**Your task**
Output every line below exactly.

START Listed records

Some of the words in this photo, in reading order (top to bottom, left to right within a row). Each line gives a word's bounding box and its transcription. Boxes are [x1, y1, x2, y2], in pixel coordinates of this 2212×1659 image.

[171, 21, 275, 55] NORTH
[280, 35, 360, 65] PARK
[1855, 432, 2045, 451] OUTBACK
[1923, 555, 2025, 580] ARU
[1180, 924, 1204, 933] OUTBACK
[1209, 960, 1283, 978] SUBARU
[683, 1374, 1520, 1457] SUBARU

END Listed records

**Finished exercise**
Some of the words in this photo, in reading order (top to bottom, left to right within a row). Each line gives a word's bounding box and its transcription. Boxes are [x1, y1, x2, y2], in pixel coordinates of this 2212×1659 image.

[171, 21, 275, 55] NORTH
[280, 35, 360, 65] PARK
[1855, 432, 2045, 451] OUTBACK
[1923, 555, 2025, 580] ARU
[1180, 924, 1204, 933] OUTBACK
[1209, 960, 1283, 978] SUBARU
[683, 1374, 1520, 1457] SUBARU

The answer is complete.